Back in January conservative columnist Dennis Prager gave his take on the state of the union – and it was not good. In a piece called America’s Second Civil War, it begins with the following:

“It is time for our society to acknowledge a sad truth: America is currently fighting its second Civil War.

In fact, with the obvious and enormous exception of attitudes toward slavery, Americans are more divided morally, ideologically and politically today than they were during the Civil War.”
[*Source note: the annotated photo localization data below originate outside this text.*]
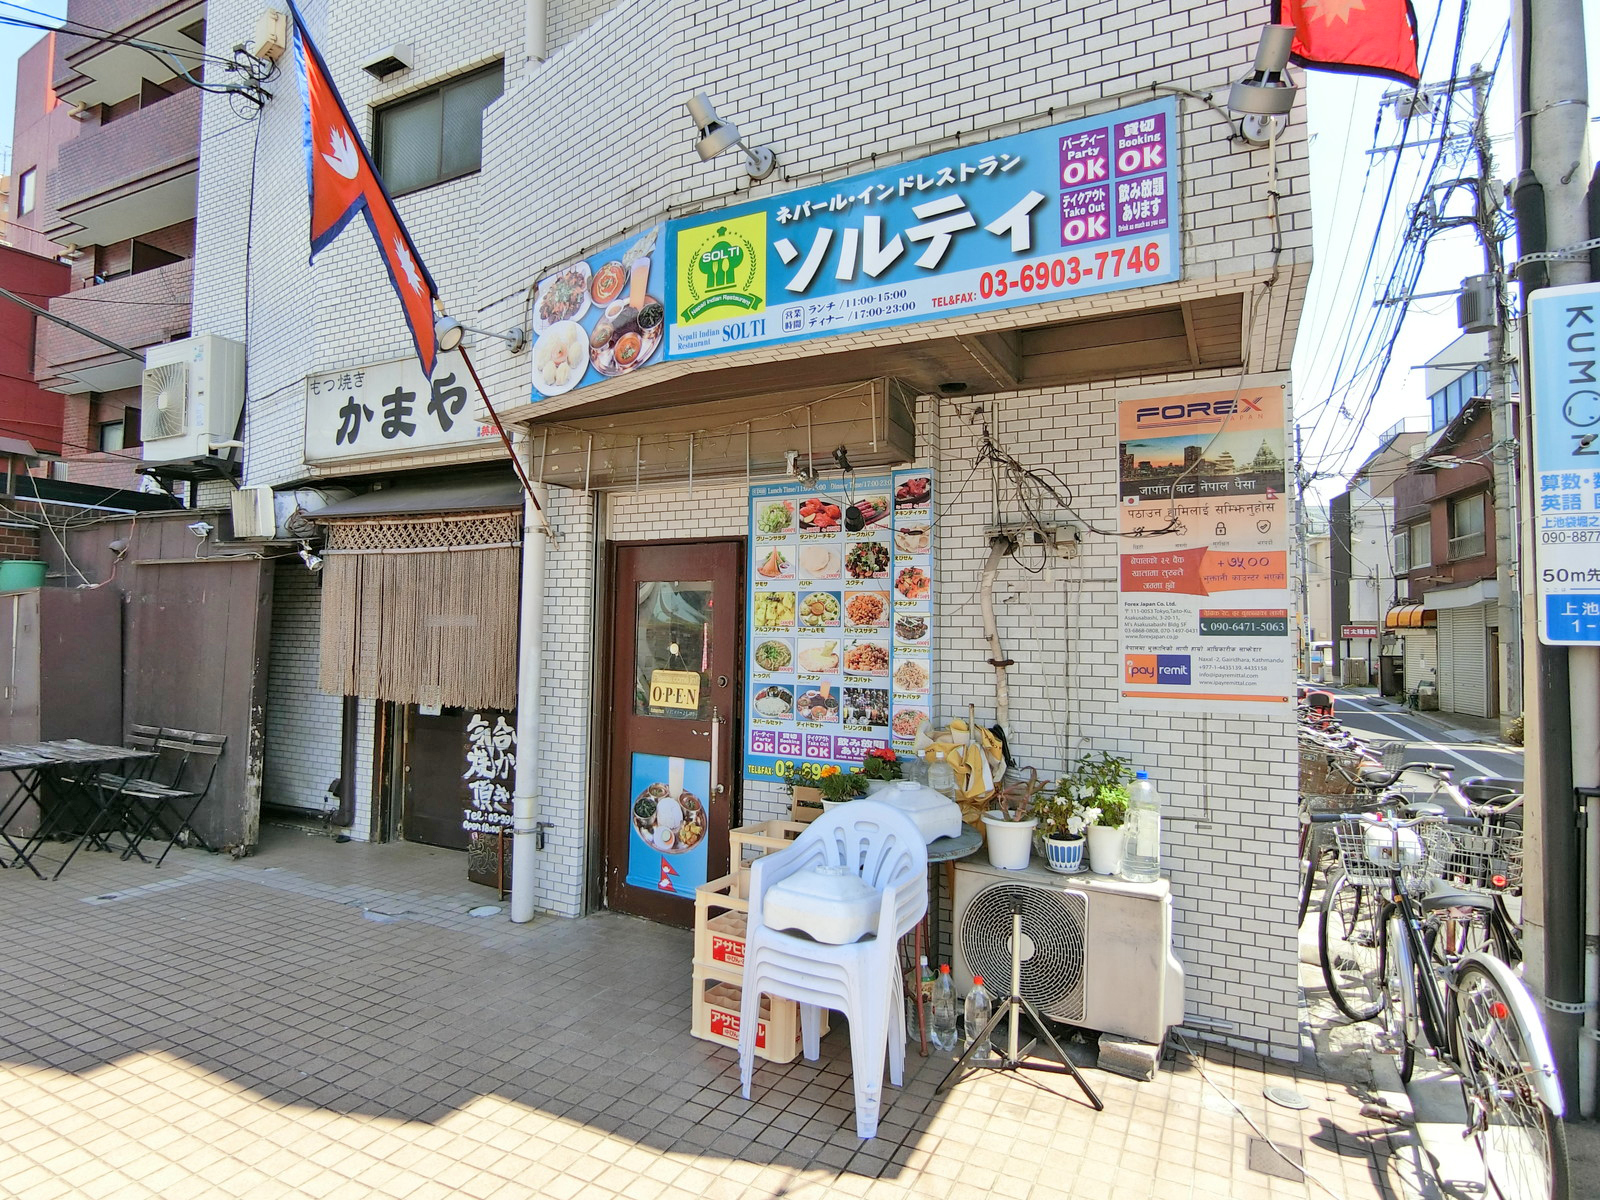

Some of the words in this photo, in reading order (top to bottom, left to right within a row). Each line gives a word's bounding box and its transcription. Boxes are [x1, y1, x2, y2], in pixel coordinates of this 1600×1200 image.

[1123, 118, 1155, 137] 貸切
[1062, 134, 1105, 151] パーティー
[1118, 133, 1161, 149] Booking
[1067, 147, 1099, 160] Party
[1118, 144, 1162, 172] OK
[1063, 157, 1105, 183] OK
[1062, 188, 1105, 208] テイクアウト
[1118, 176, 1164, 203] 飲み放題
[1064, 207, 1086, 218] Take
[1088, 202, 1105, 213] Out
[1122, 197, 1161, 221] あります
[1064, 215, 1106, 241] OK
[1118, 223, 1129, 232] Drink
[1135, 221, 1145, 229] much
[773, 190, 1045, 292] ソルティ
[702, 246, 740, 263] SOLTI
[931, 292, 977, 308] TEL&FAX:
[979, 242, 1160, 299] 03-6903-7746
[691, 300, 707, 316] Nepali
[707, 295, 722, 305] Indian
[722, 293, 752, 307] Restaurant
[808, 302, 836, 314] ランチ
[785, 309, 801, 319] 営業
[808, 315, 844, 328] ディナー
[722, 319, 766, 342] SOLTI
[785, 320, 801, 330] 時間
[678, 331, 698, 343] Nepali
[700, 328, 720, 338] Indian
[678, 338, 711, 350] Restaurant
[310, 371, 365, 395] もつ焼き
[1562, 305, 1600, 457] KUMON
[335, 372, 468, 446] かまや
[1137, 397, 1263, 423] FOREX
[1200, 480, 1229, 492] नेपाल
[1234, 476, 1257, 490] पैसा
[1541, 493, 1581, 511] 英語
[1543, 568, 1600, 582] 50m先
[1561, 602, 1600, 616] 上池
[1210, 622, 1285, 631] 090-6471-5063
[1126, 660, 1155, 678] ipay
[1159, 665, 1188, 675] remit
[753, 742, 774, 752] OK
[779, 744, 800, 754] OK
[807, 747, 829, 757] OK
[748, 764, 774, 775] TEL&FAX:
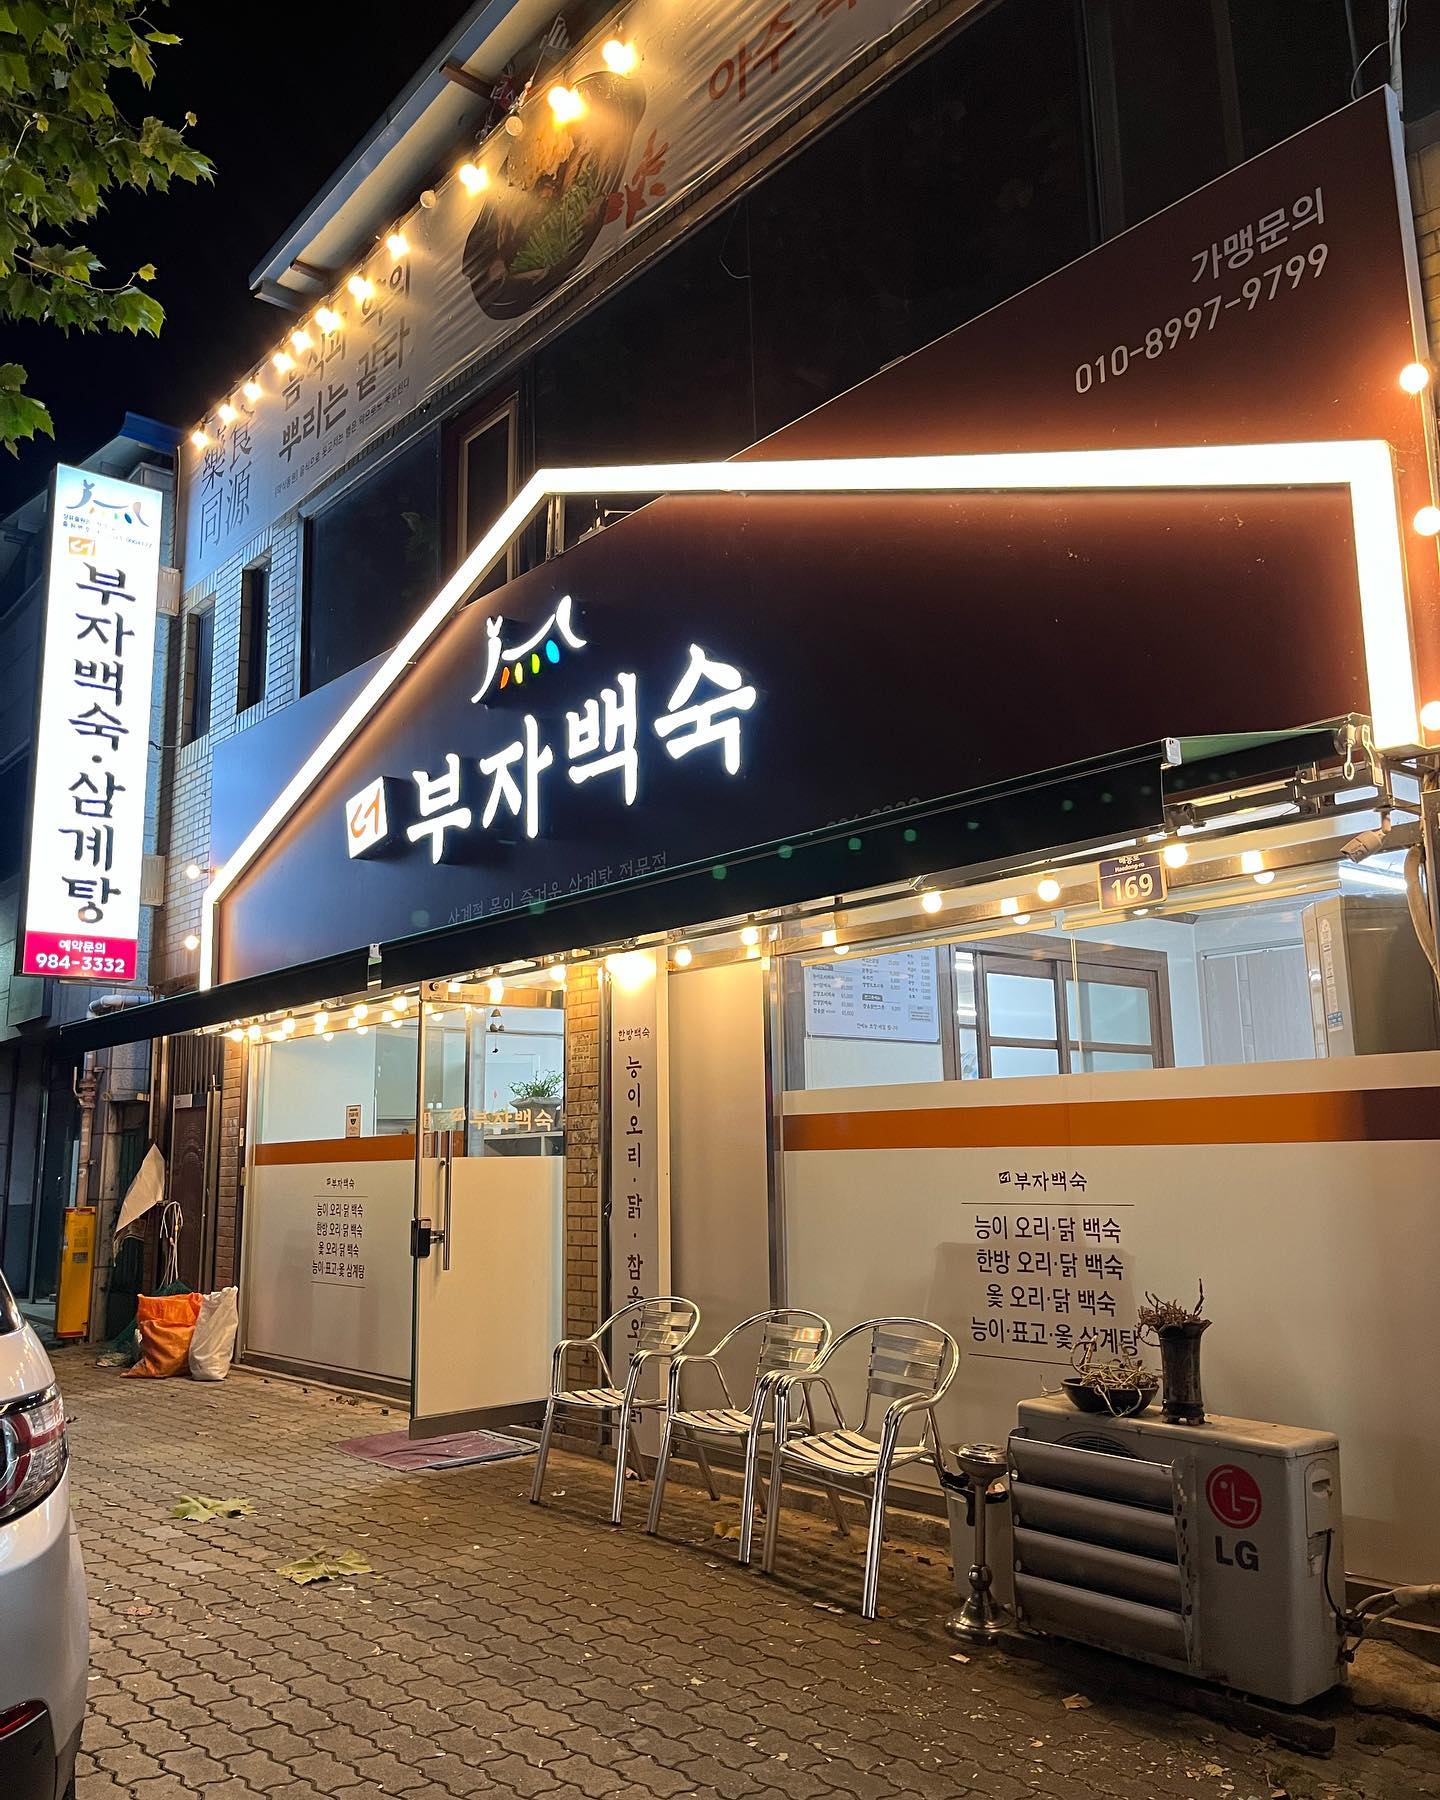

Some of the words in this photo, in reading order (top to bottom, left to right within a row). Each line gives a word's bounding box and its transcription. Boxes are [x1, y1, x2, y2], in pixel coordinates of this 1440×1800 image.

[709, 2, 796, 102] 아주
[1191, 186, 1324, 283] 가맹문의
[1075, 243, 1328, 393] 010-8997-9799
[279, 383, 348, 463] 뿌리는
[355, 317, 411, 401] 같다
[58, 562, 136, 924] 부자백숙·삼계탕
[406, 643, 757, 865] 부자백숙
[1111, 873, 1153, 901] 169
[59, 939, 106, 954] 예약문의
[35, 952, 126, 973] 984-3332
[617, 1027, 650, 1041] 한방백숙
[331, 1178, 355, 1190] 부자백숙
[1014, 1170, 1088, 1192] 부자백숙
[317, 1203, 328, 1217] 능이
[351, 1203, 363, 1218] 백숙
[317, 1222, 328, 1236] 한방
[351, 1223, 363, 1238] 백숙
[975, 1215, 1008, 1240] 능이
[1015, 1216, 1076, 1243] 오리·닭
[1083, 1217, 1121, 1243] 백숙
[347, 1243, 360, 1258] 백숙
[976, 1248, 1010, 1275] 한방
[1016, 1251, 1078, 1278] 오리·닭
[1085, 1254, 1123, 1280] 백숙
[346, 1263, 365, 1280] 삼계탕
[986, 1283, 1004, 1309] 옻
[1010, 1285, 1071, 1314] 오리·닭
[1078, 1289, 1116, 1317] 백숙
[970, 1316, 1073, 1350] 능이·표고·옻
[1079, 1325, 1139, 1357] 삼계탕
[1215, 1535, 1259, 1571] LG
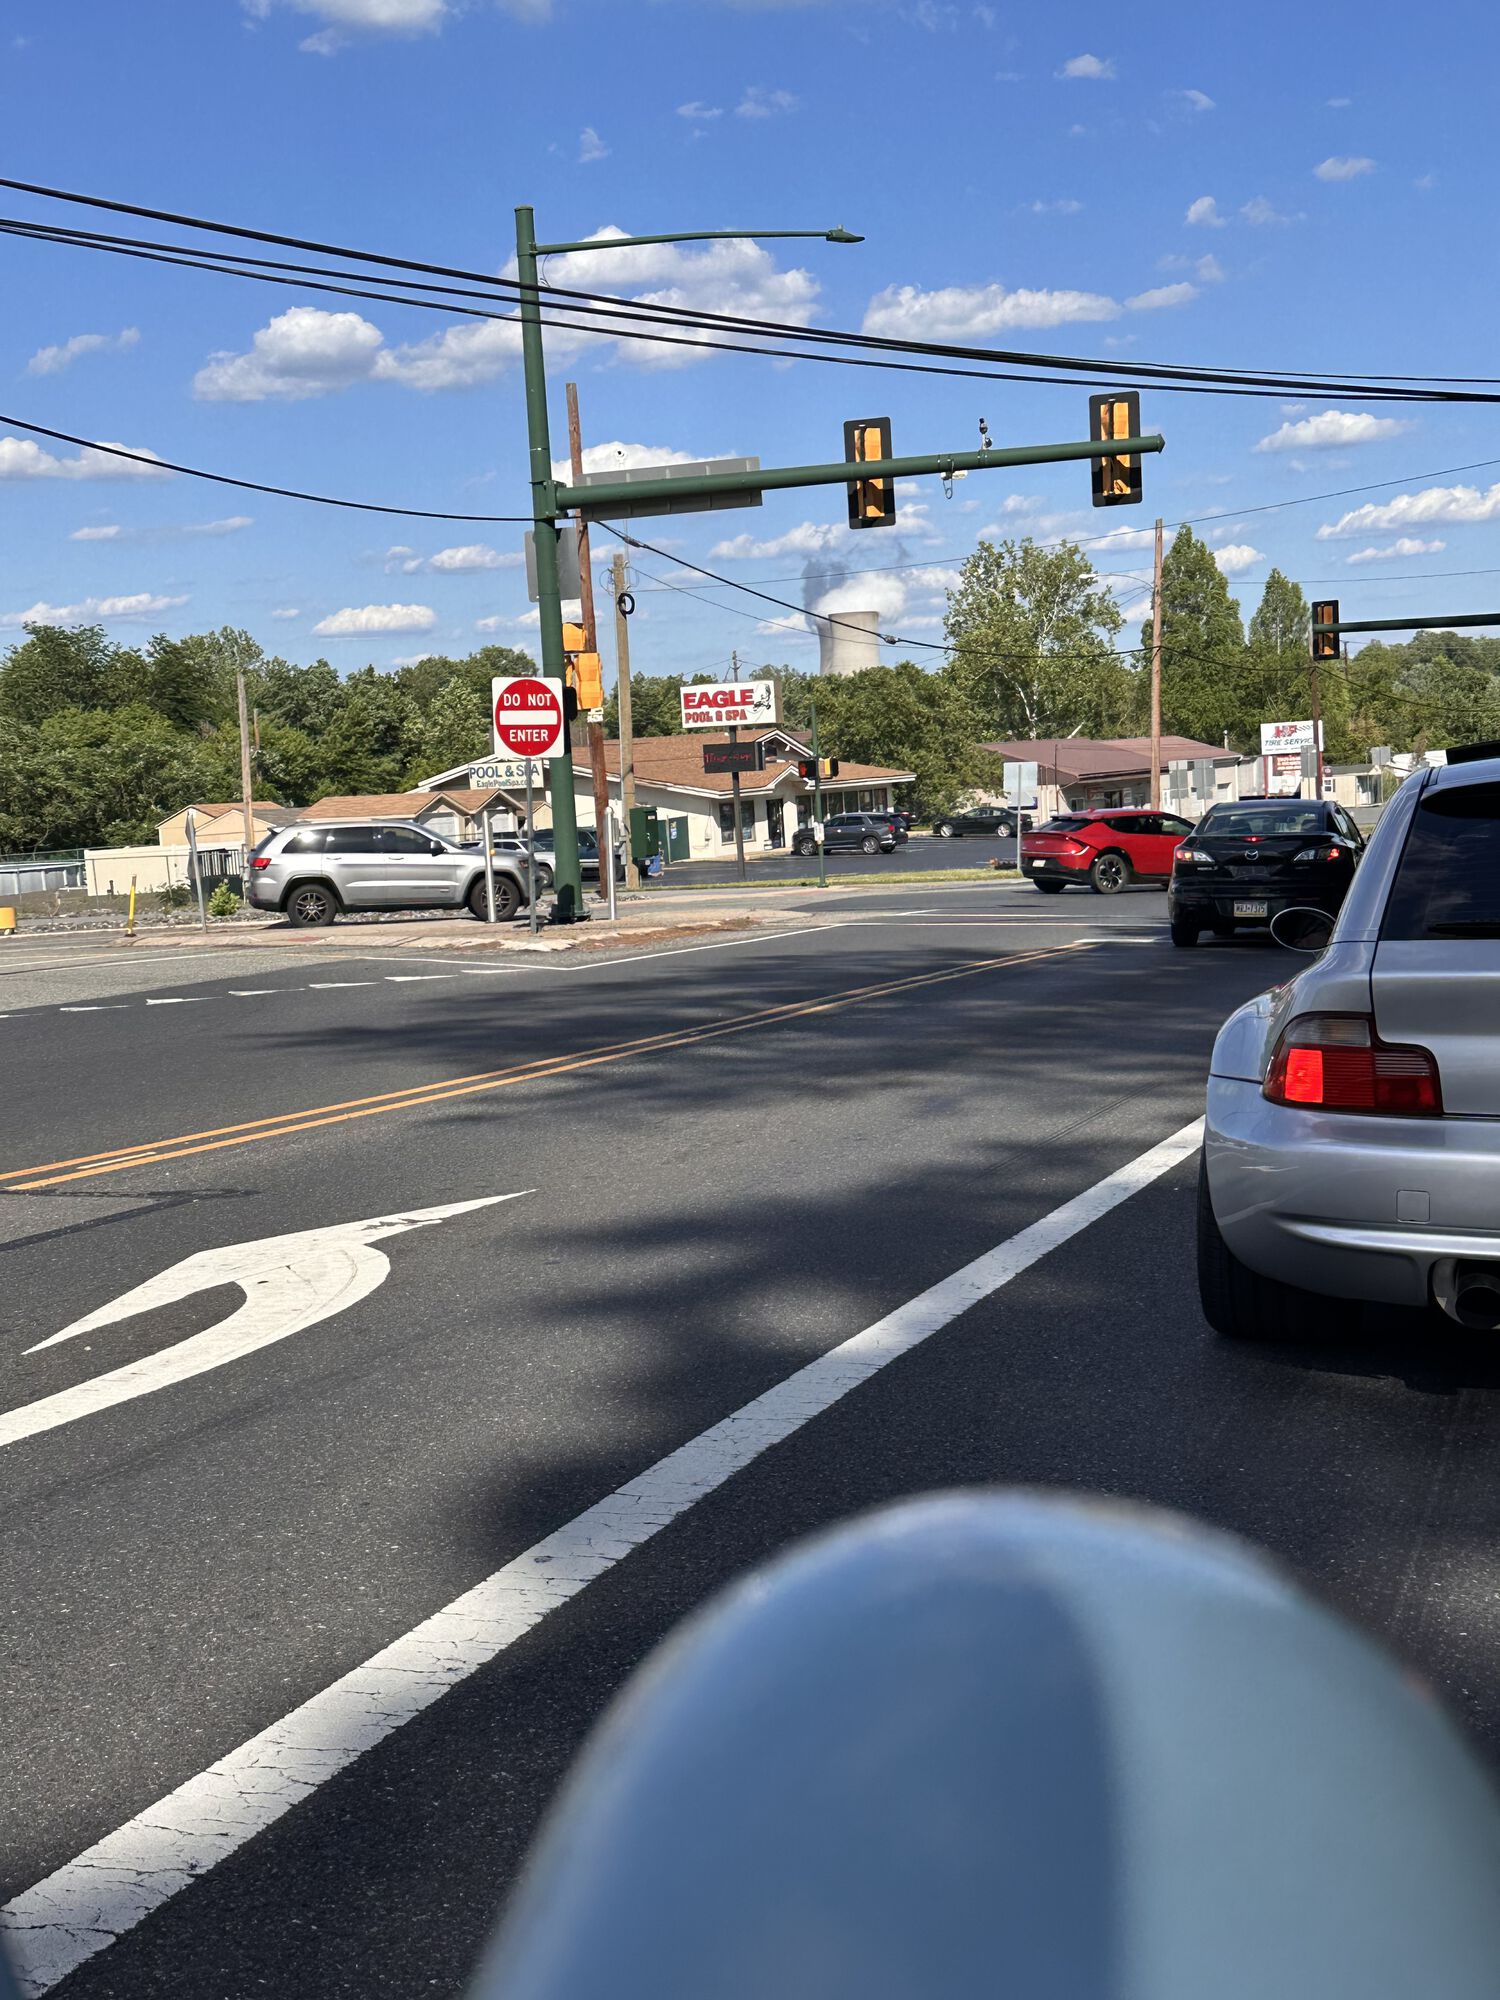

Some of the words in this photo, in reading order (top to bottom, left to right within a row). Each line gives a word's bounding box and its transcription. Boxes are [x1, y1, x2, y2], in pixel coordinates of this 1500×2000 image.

[503, 693, 520, 707] DO
[528, 693, 552, 706] NOT
[683, 689, 754, 710] EAGLE
[685, 710, 713, 724] POOL
[725, 709, 747, 721] SPA
[509, 729, 549, 742] ENTER
[1284, 737, 1314, 746] SERVIC
[469, 766, 503, 780] POOL
[505, 765, 515, 778] &
The culmination of the radicalism of the Sixties has come into fruition and a new kind of civil war has begun. Although there isn’t any shooting or fatalities, at least not yet, make no mistake a “cold” civil war has started. It’s a cold civil war that’s in its infancy and very likely could become a hot civil war like the big one in the 1800s . This one won’t be geographic in nature nor over the principle of universal human freedom. No, this one will be authoritarian in nature where a small group of extreme Leftists are creating enough mayhem to ignite widespread violence in their goal to overturn the existing political, social and economic order that’s been in place since the founding of the country. Places like Berkeley and Portland as well as most of academia are  testing grounds of what will spread beyond the perennial locations of protest. A recent piece in the Weekly Standard bluntly put it: This Is War.

“Now we’re in the midst of the ultimate battle in the culture war – the battle for the First Amendment – and if Republicans don’t recognize this is a war and fight like their existence depends on victory, nothing else will matter.”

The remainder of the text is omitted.